Start of Supplied entries

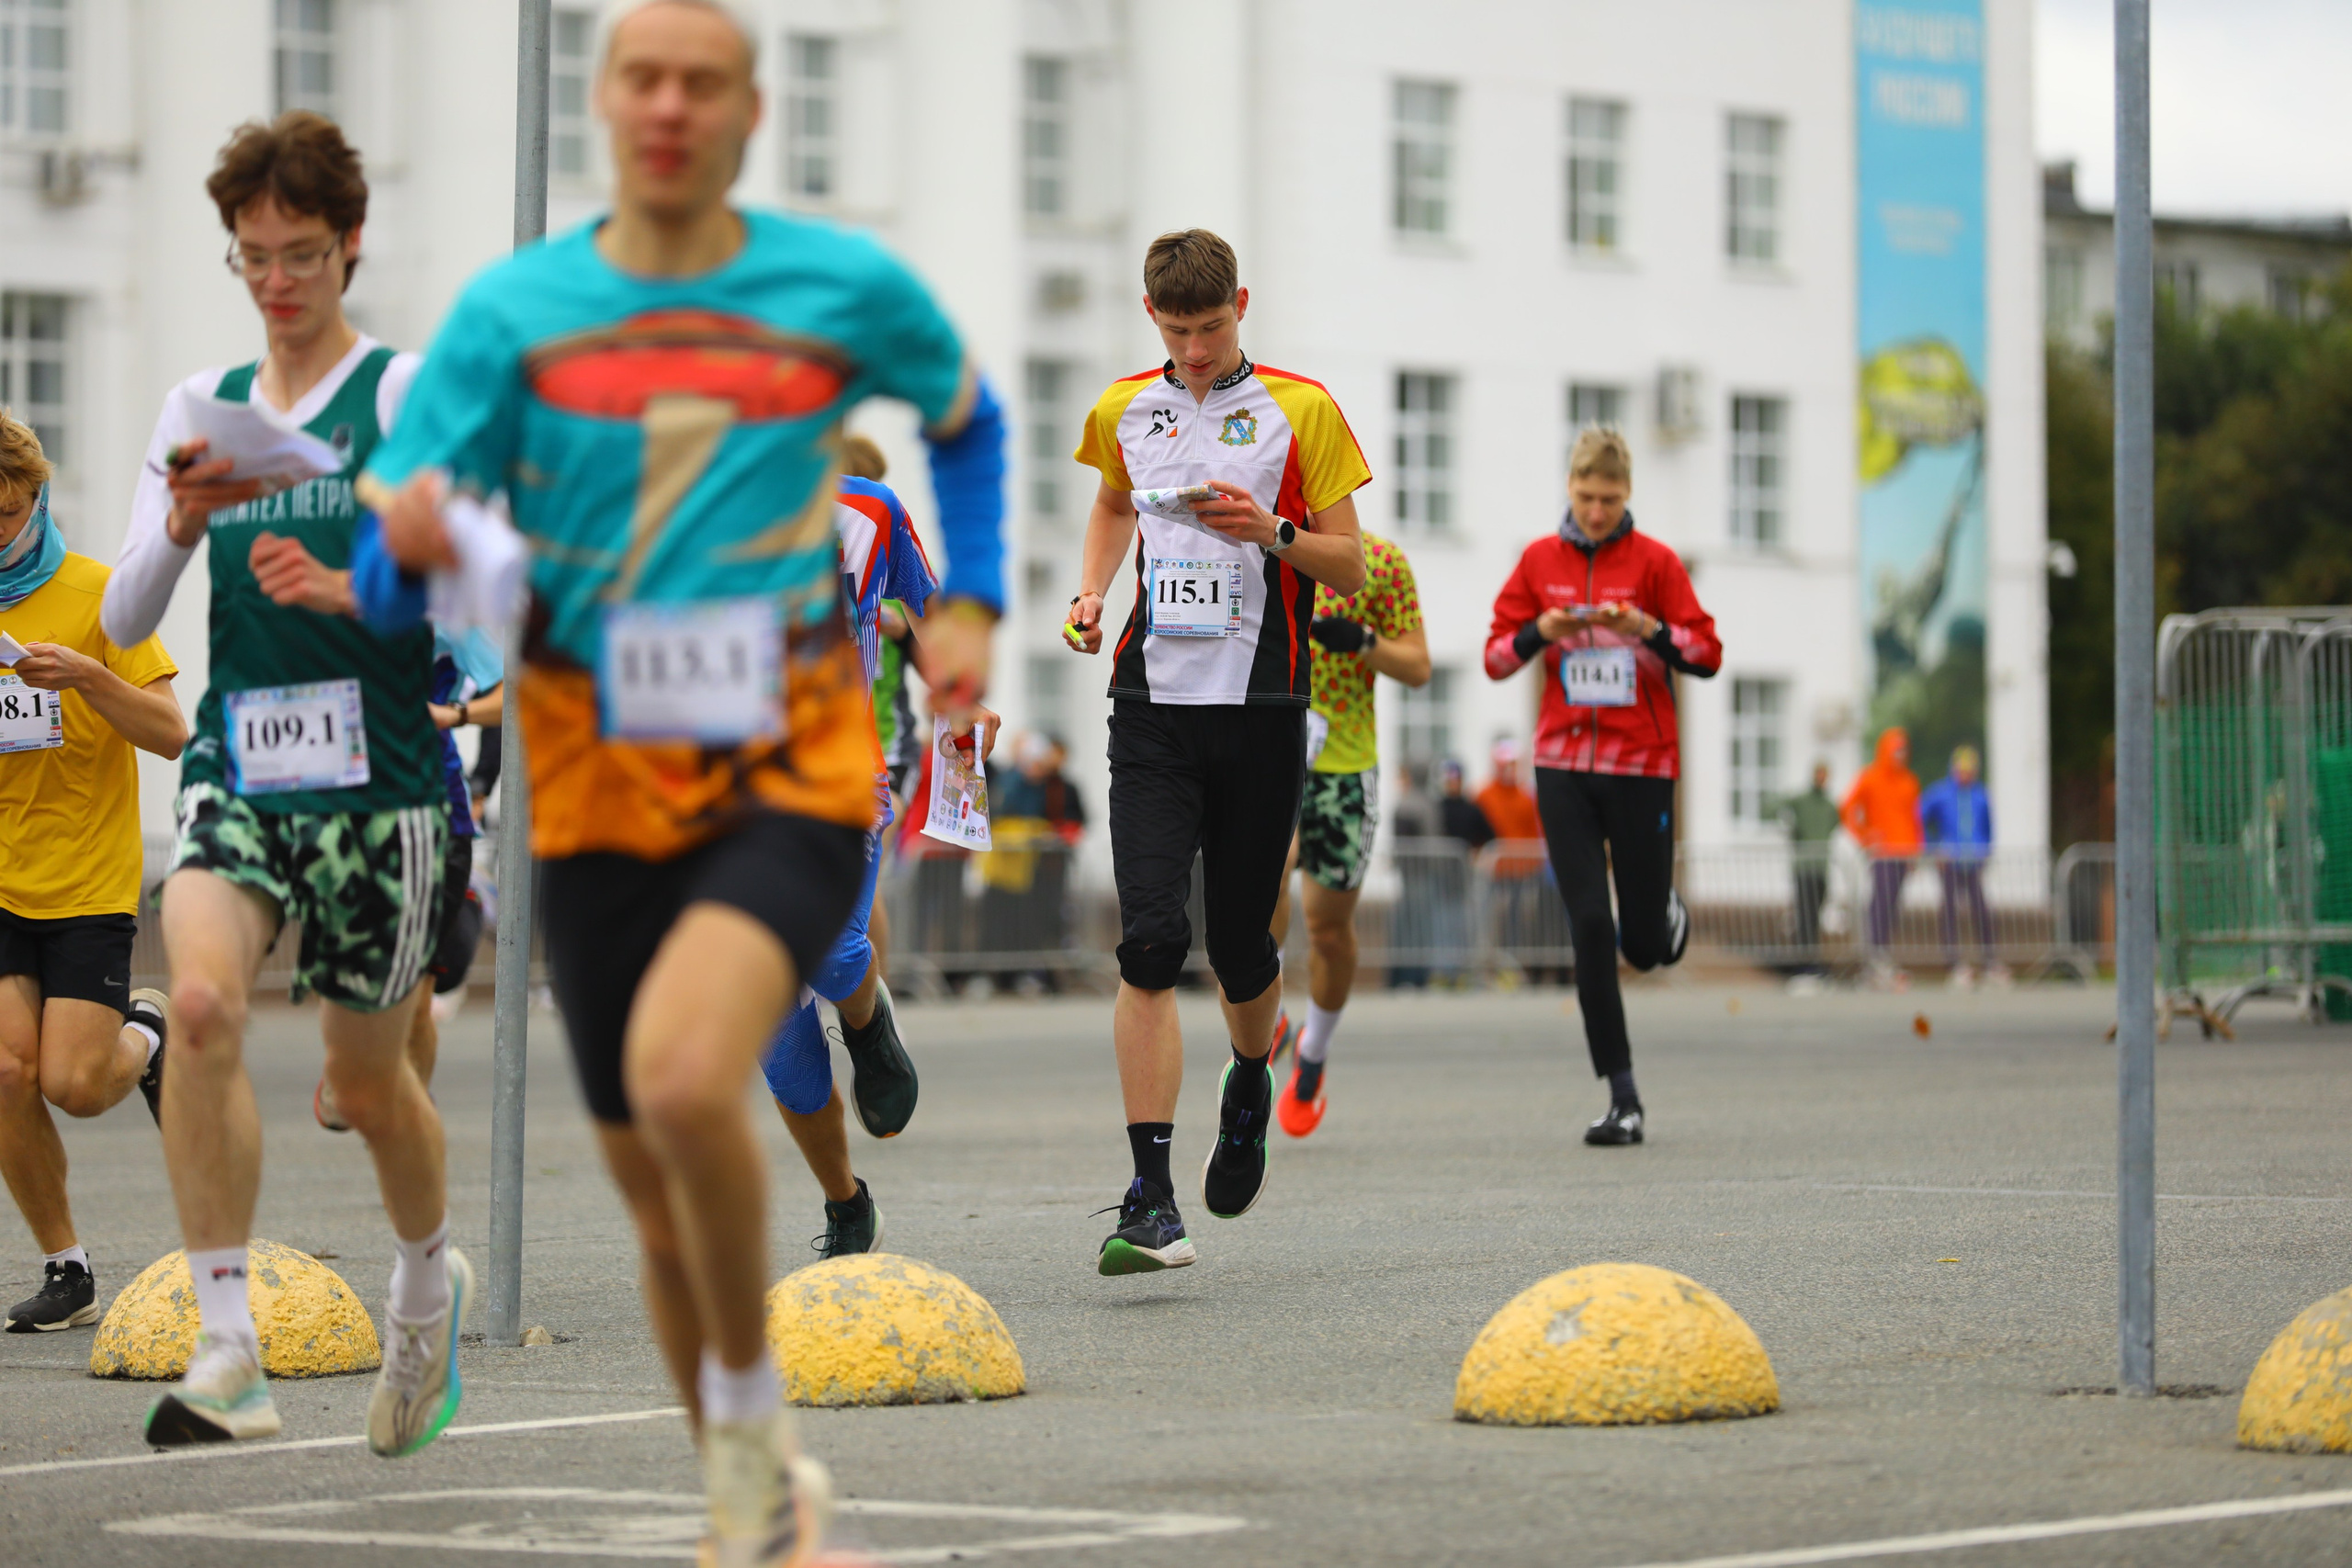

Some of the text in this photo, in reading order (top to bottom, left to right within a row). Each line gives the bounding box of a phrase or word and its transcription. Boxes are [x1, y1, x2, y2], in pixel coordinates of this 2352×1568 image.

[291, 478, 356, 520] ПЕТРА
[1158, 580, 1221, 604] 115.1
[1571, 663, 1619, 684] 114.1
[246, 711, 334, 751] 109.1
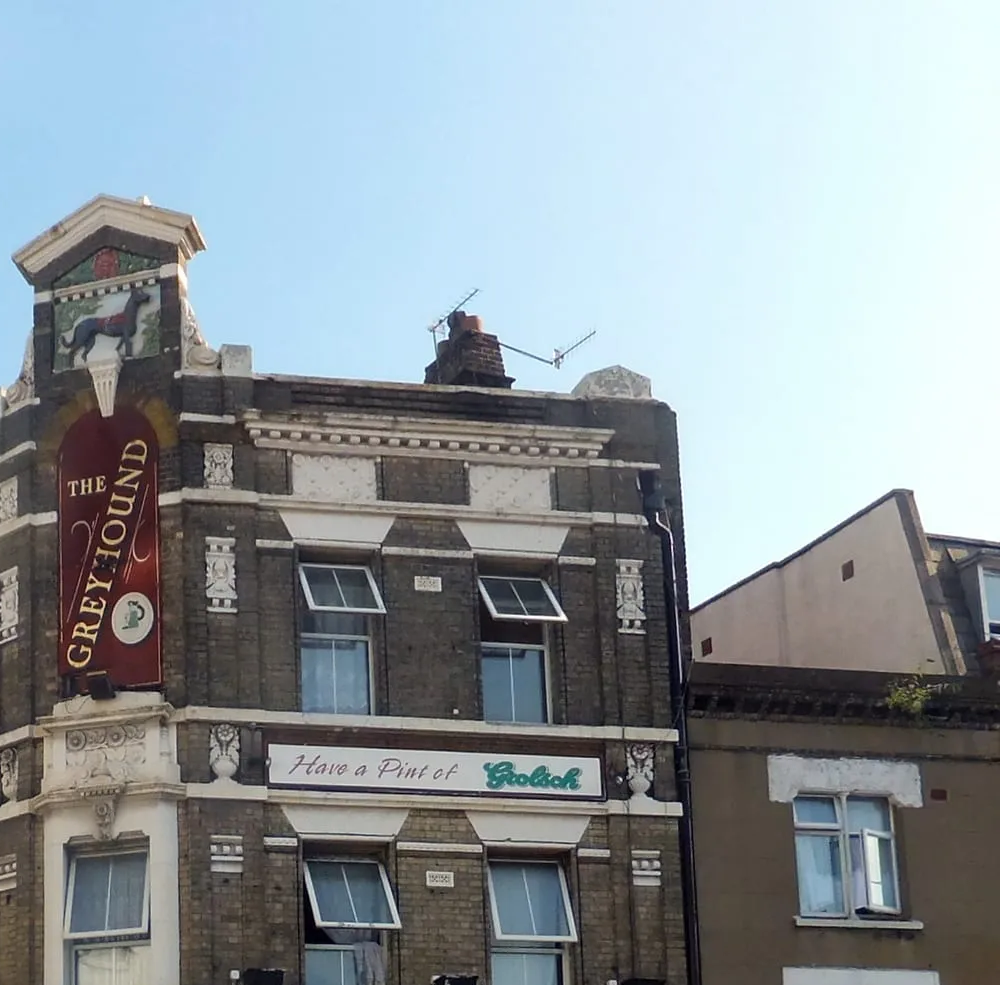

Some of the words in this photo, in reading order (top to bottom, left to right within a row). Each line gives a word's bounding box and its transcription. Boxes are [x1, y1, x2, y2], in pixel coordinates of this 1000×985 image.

End of Supplied entries

Assigned task:
Pictures stay out of the copy; print the material above exactly.

Solved exercise:
Some of the text in this photo, in reading order (top to bottom, left to right within a row). Each line gives the bounding box of a phrase or word and its transcription. Boxes are [x1, y1, x2, y2], in pixel coordinates of this 2352×1568 image.

[291, 478, 356, 520] ПЕТРА
[1158, 580, 1221, 604] 115.1
[1571, 663, 1619, 684] 114.1
[246, 711, 334, 751] 109.1

Some of the words in this photo, in reading order (top to bottom, left to right within a row). Each line gives a word's bounding box and its transcription. Boxes are [x1, y1, x2, y2], in pixel coordinates of this 1000×985 image.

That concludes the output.